By Sarma Melngailis, via Tracy Anderson’s website.

Chocolate-Avocado Pudding
Serves 4
This rich, thick pudding is full of good ingredients and easy to make, especially if you have a jar of sprouted pecan butter on hand. If you don’t, the preparation will include just one extra step. Dark agave nectar gives the pudding a richer flavor, but regular agave is fine. You can also use a combination of maple syrup and agave nectar, or even all maple if you like its rich flavor.
As a child I hated avocados; now I love them. However, if someone had made this pudding for me back then, I would have eagerly spooned it down none the wiser. And as everyone knows by now, avocados are full of good fats. They also have more digestible protein than some meat, and with more potassium than bananas, they’re a great food for athletes, as well as active kids, who can benefit from potassium-rich foods to help heal sore muscles.

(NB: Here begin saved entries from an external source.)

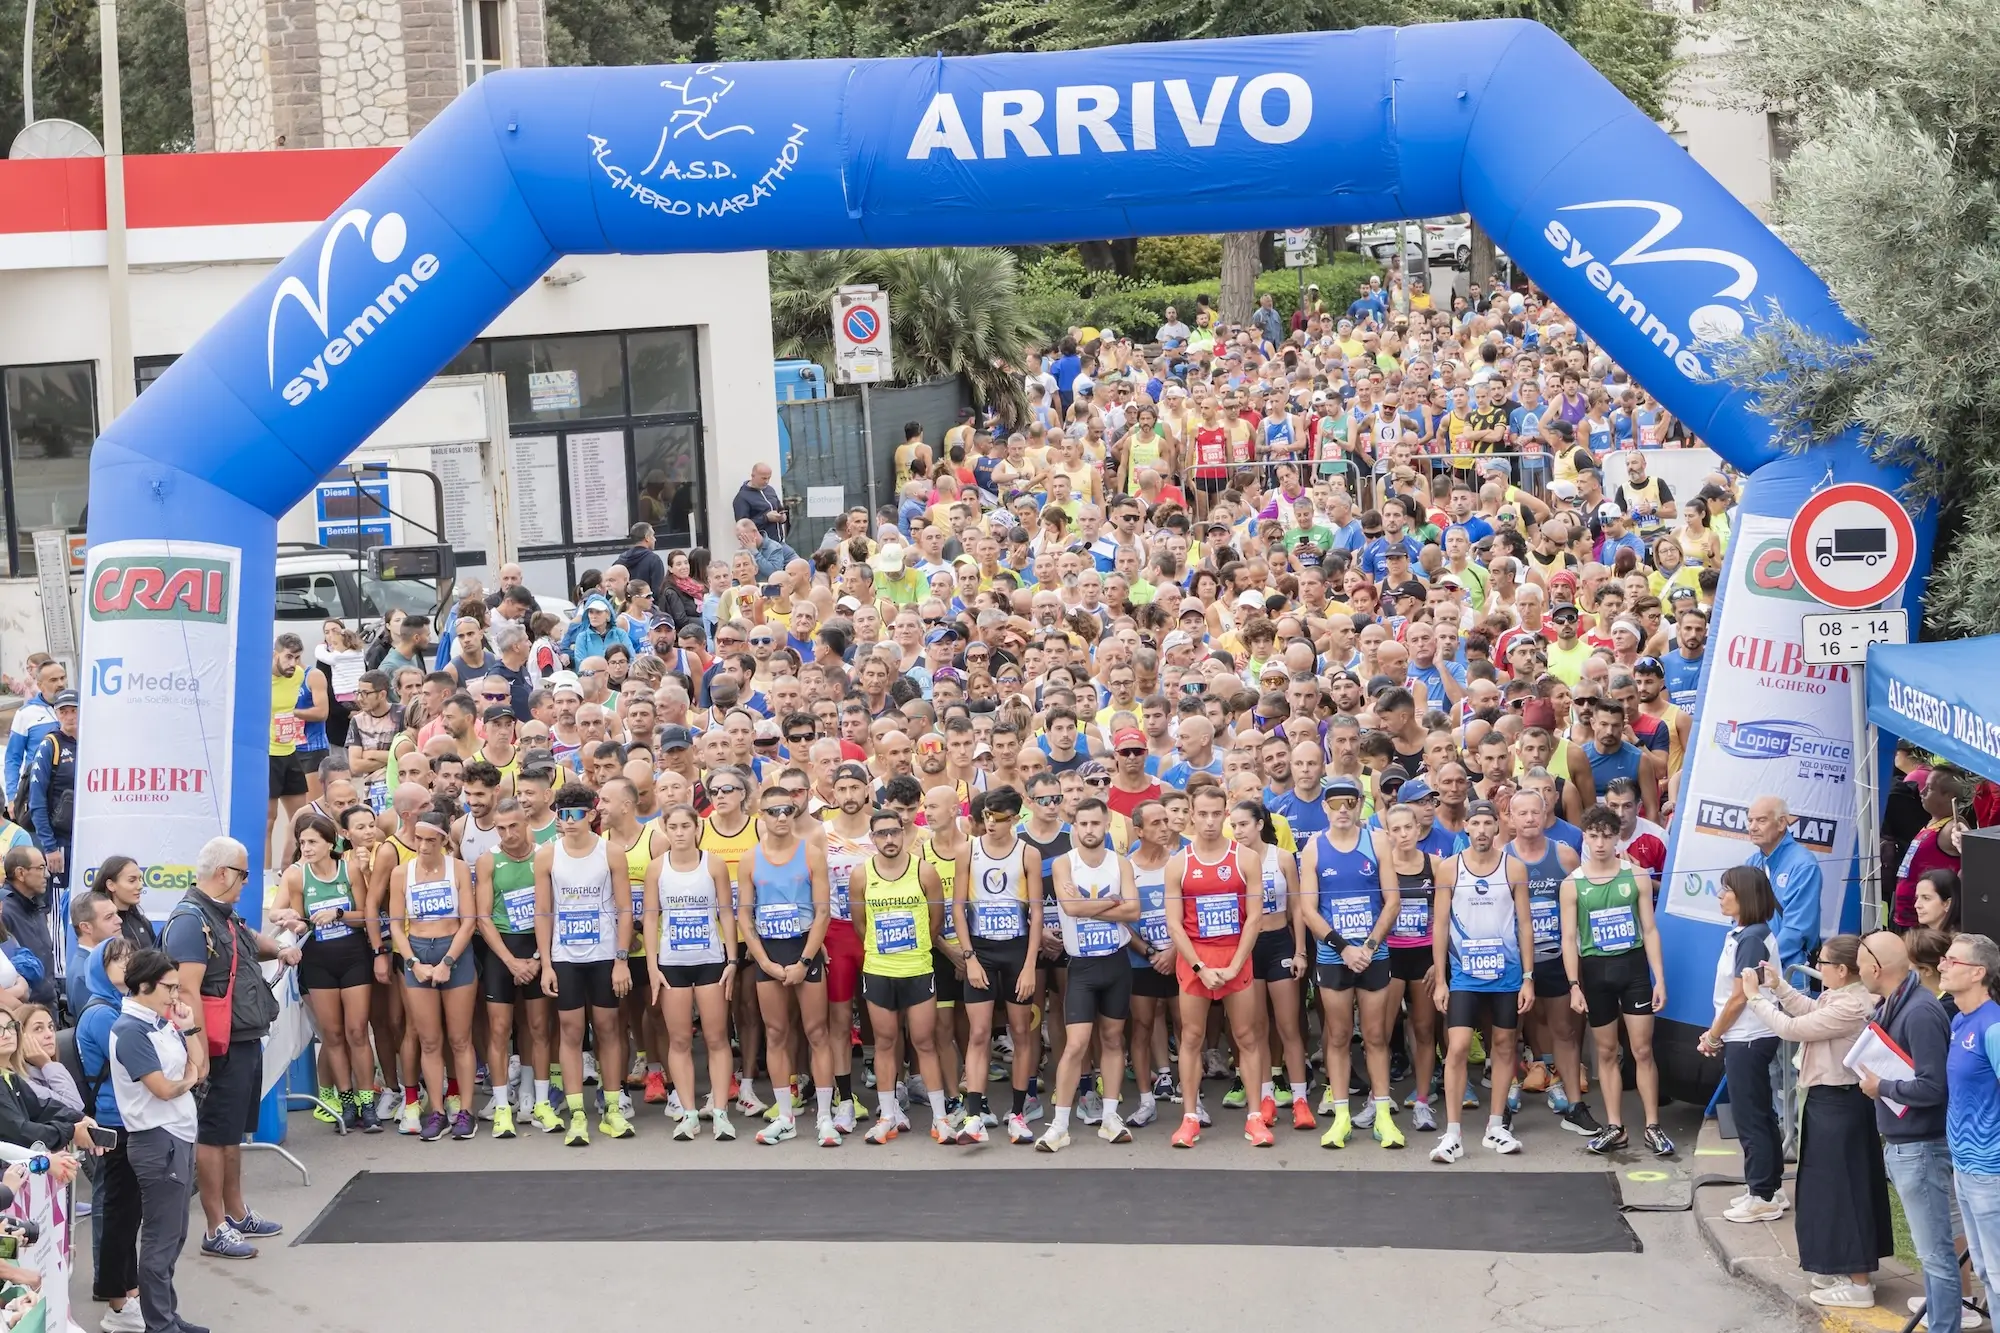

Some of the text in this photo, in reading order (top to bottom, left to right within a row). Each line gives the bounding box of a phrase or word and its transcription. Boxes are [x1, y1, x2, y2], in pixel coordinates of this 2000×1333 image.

[906, 72, 1313, 161] ARRIVO
[587, 123, 809, 218] ALGHERO MARATHON
[659, 160, 737, 180] A.S.D.
[1544, 220, 1714, 381] syemme
[282, 253, 440, 406] syemme
[323, 488, 350, 497] Diesel
[94, 566, 223, 615] CRAI
[1819, 621, 1842, 637] 08
[1867, 620, 1889, 635] 14
[1819, 641, 1841, 656] 16
[127, 671, 200, 691] Medea
[1757, 676, 1827, 695] ALGHERO
[1888, 678, 1950, 735] ALGHERO
[1737, 729, 1850, 760] Copier Service
[87, 767, 208, 795] GILBERT
[111, 793, 170, 802] ALGHERO
[420, 898, 446, 913] 1634
[666, 895, 709, 904] TRIATHLON
[867, 895, 920, 908] TRIATHLON
[515, 905, 535, 919] 105
[1206, 910, 1232, 925] 1215
[1340, 912, 1366, 927] 1003
[567, 920, 592, 934] 1250
[767, 918, 793, 934] 1140
[986, 916, 1012, 930] 1133
[1532, 917, 1552, 932] 044
[677, 925, 703, 939] 1619
[883, 927, 909, 942] 1254
[1086, 930, 1111, 945] 1271
[1147, 925, 1168, 940] 113
[1600, 923, 1628, 940] 1218
[1470, 955, 1498, 970] 1068
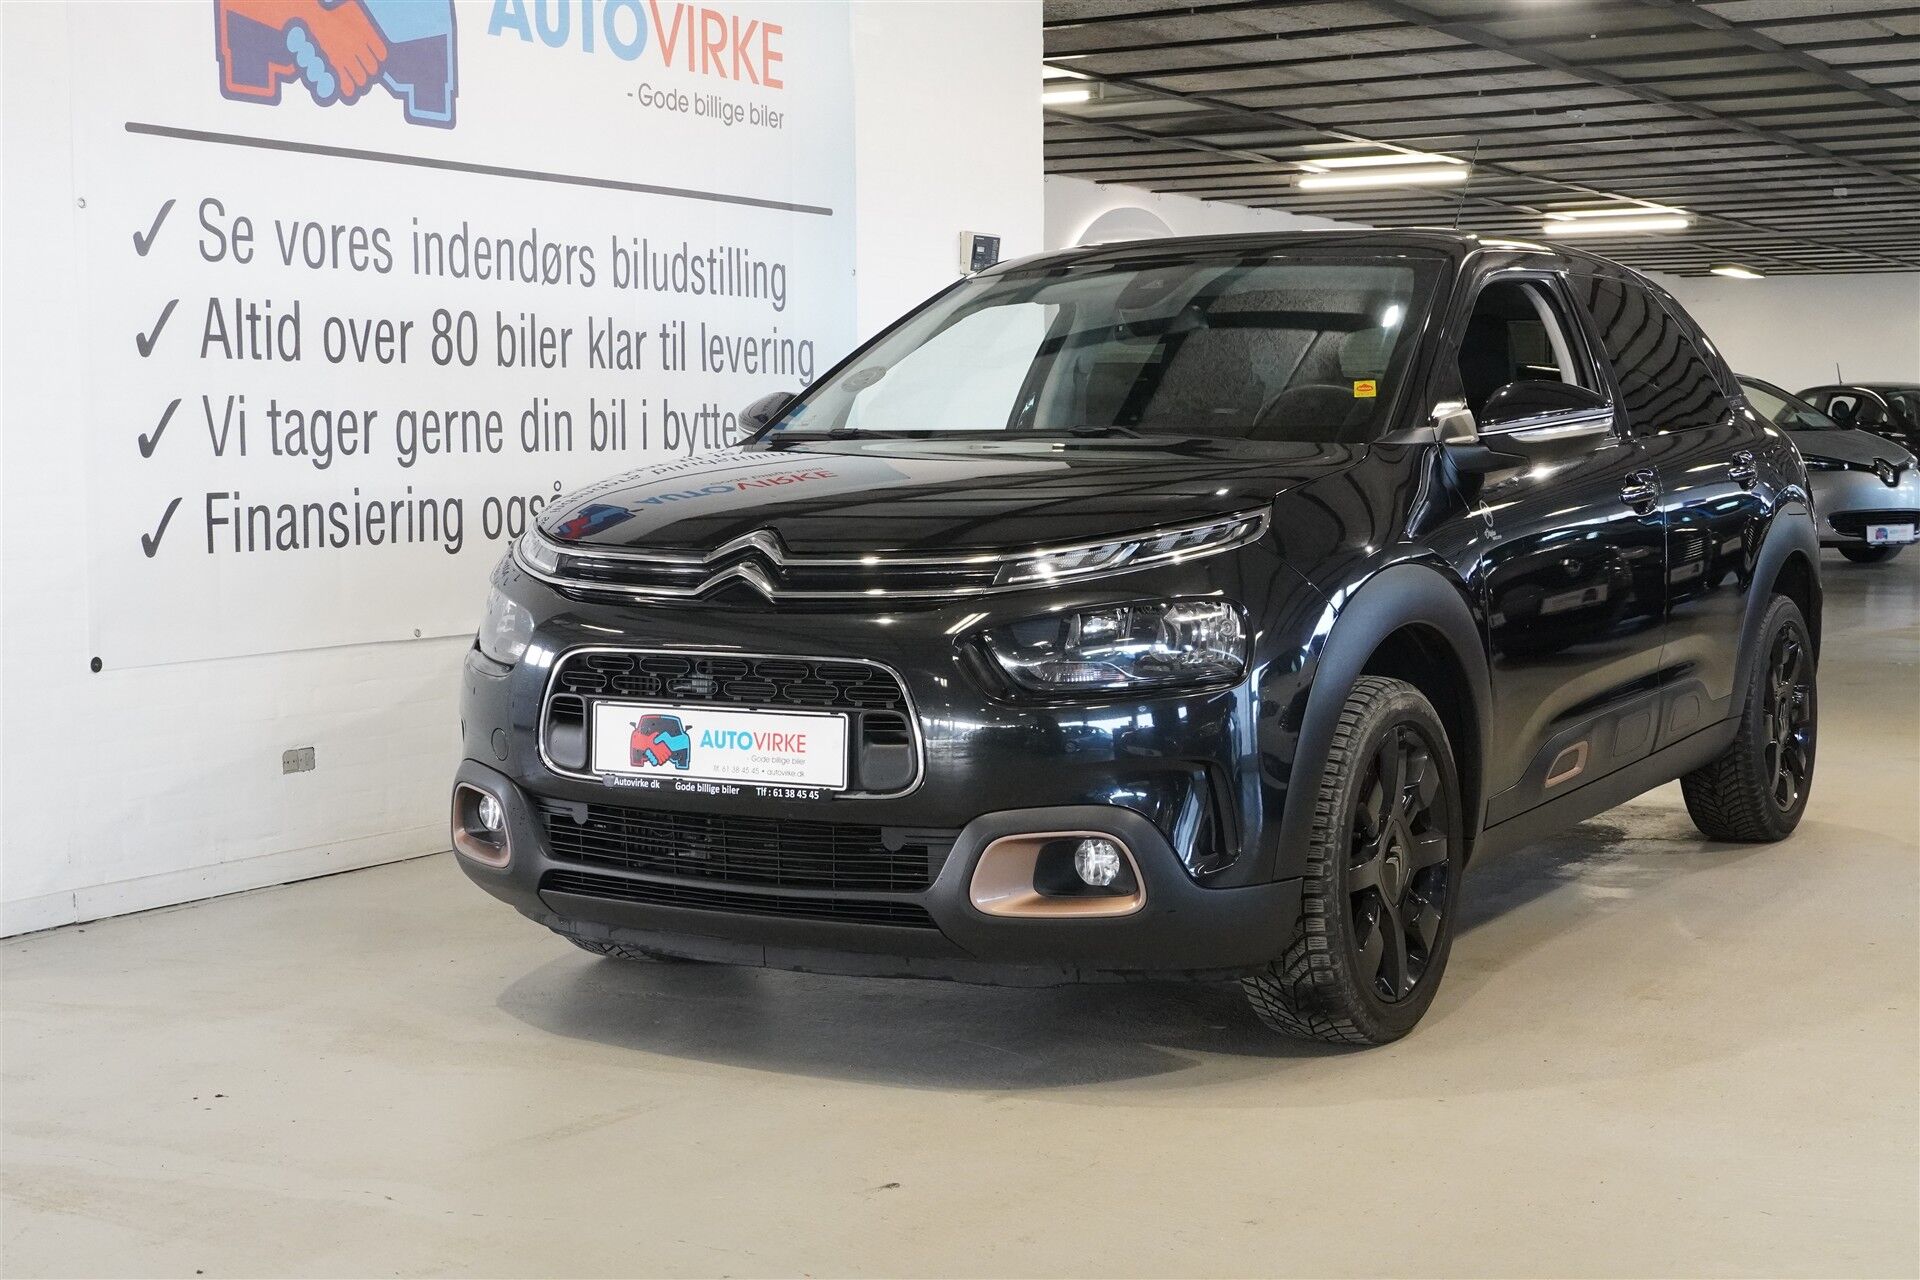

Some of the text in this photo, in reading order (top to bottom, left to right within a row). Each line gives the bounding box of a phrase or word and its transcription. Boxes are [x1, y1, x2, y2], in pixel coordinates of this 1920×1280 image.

[638, 83, 689, 113] Gode
[694, 92, 744, 126] billige
[749, 102, 784, 129] biler
[199, 197, 787, 312] Se vores indendørs biludstilling
[200, 297, 814, 387] Altid over 80 biler klar til levering
[202, 394, 738, 470] Vi tager gerne din bil i bytte
[206, 485, 463, 554] Finansiering
[700, 729, 806, 753] AUTOVIRKE
[751, 755, 769, 763] Gode
[675, 782, 740, 795] Gode billige biler
[756, 787, 767, 796] Tlf
[773, 788, 783, 798] 61
[784, 789, 795, 798] 38
[796, 790, 808, 799] 45
[809, 790, 820, 800] 45
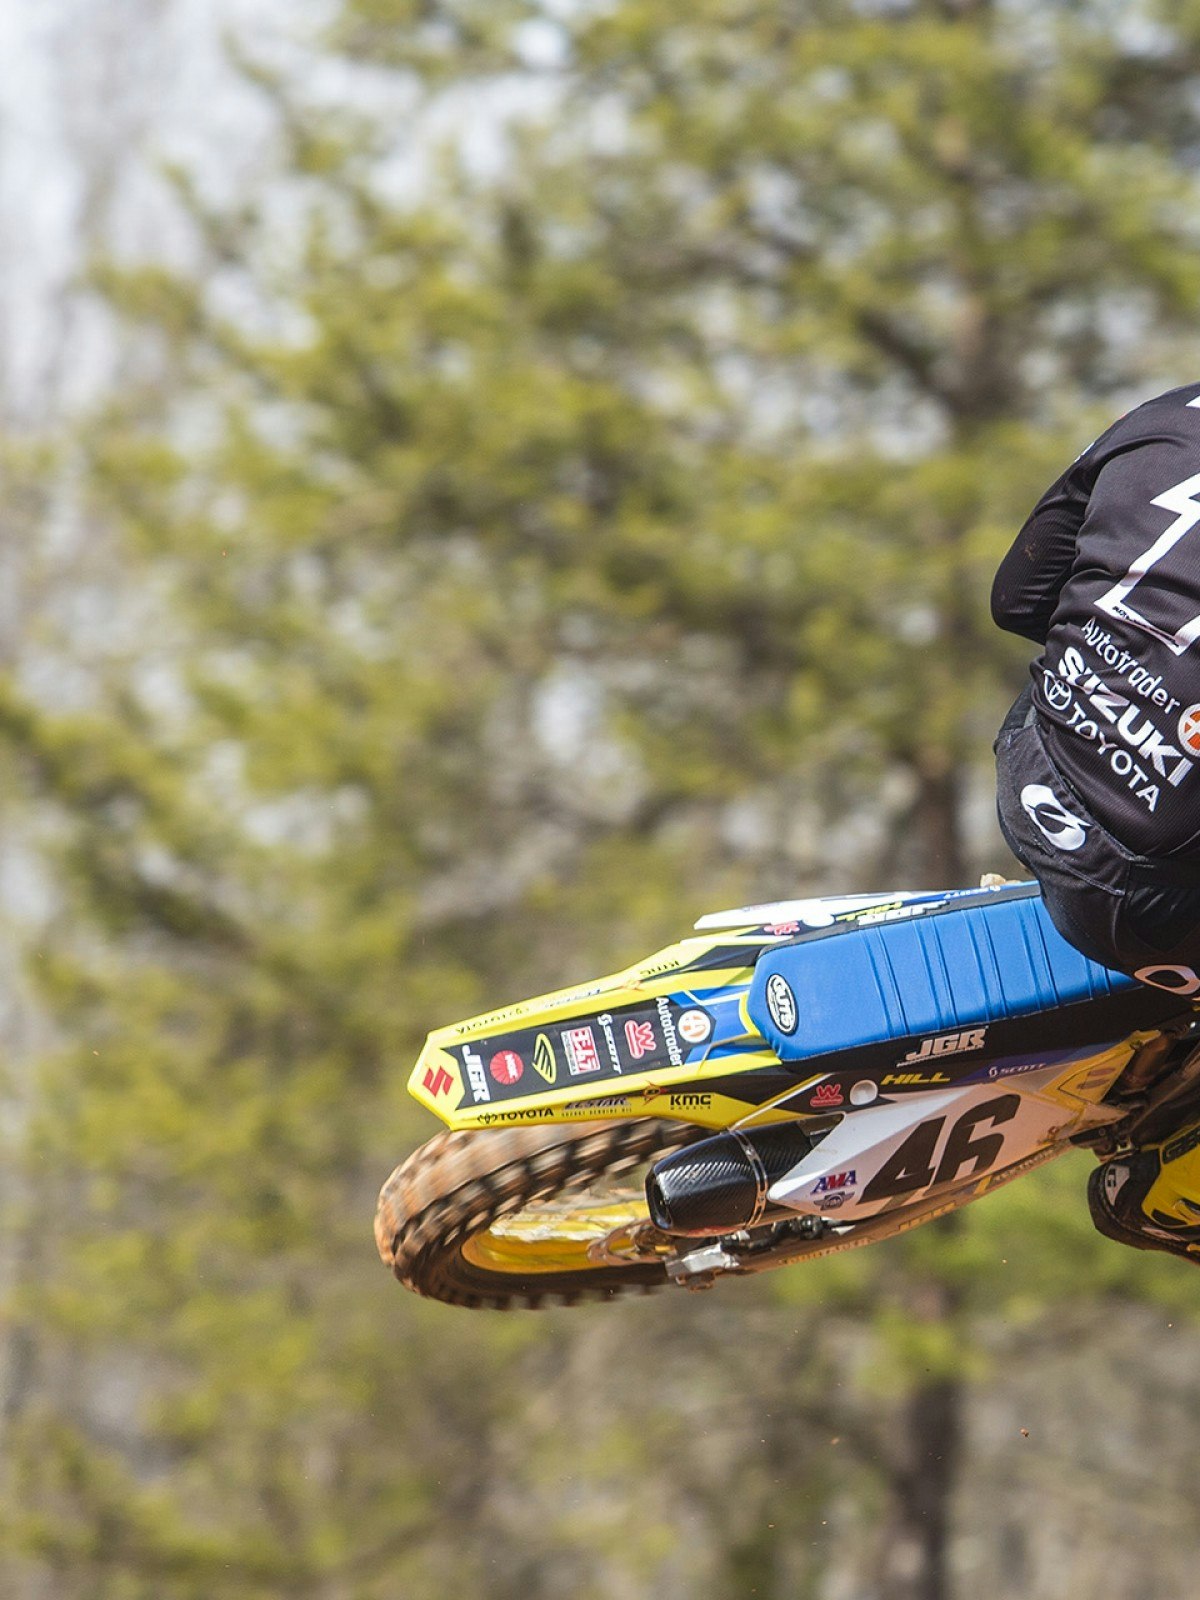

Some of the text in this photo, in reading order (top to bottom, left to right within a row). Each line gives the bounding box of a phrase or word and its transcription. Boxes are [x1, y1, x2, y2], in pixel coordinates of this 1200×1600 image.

1 cup sprouted, preferably dehydrated, pecans
1 cup dark agave nectar (page 44)
1 1/4 cups filtered water
1/4 cup plus 2 tablespoons cocoa powder
3/4 teaspoon sea salt
2 tablespoons coconut butter/oil, warmed to liquefy
2 medium avocados
To make the pecan butter, place the pecans in a food processor and process until smooth, scraping down the sides as needed for a uniform texture. A small amount of coconut butter/oil can be added to help grind the nuts into a smooth paste; this will make the pudding a little bit firmer.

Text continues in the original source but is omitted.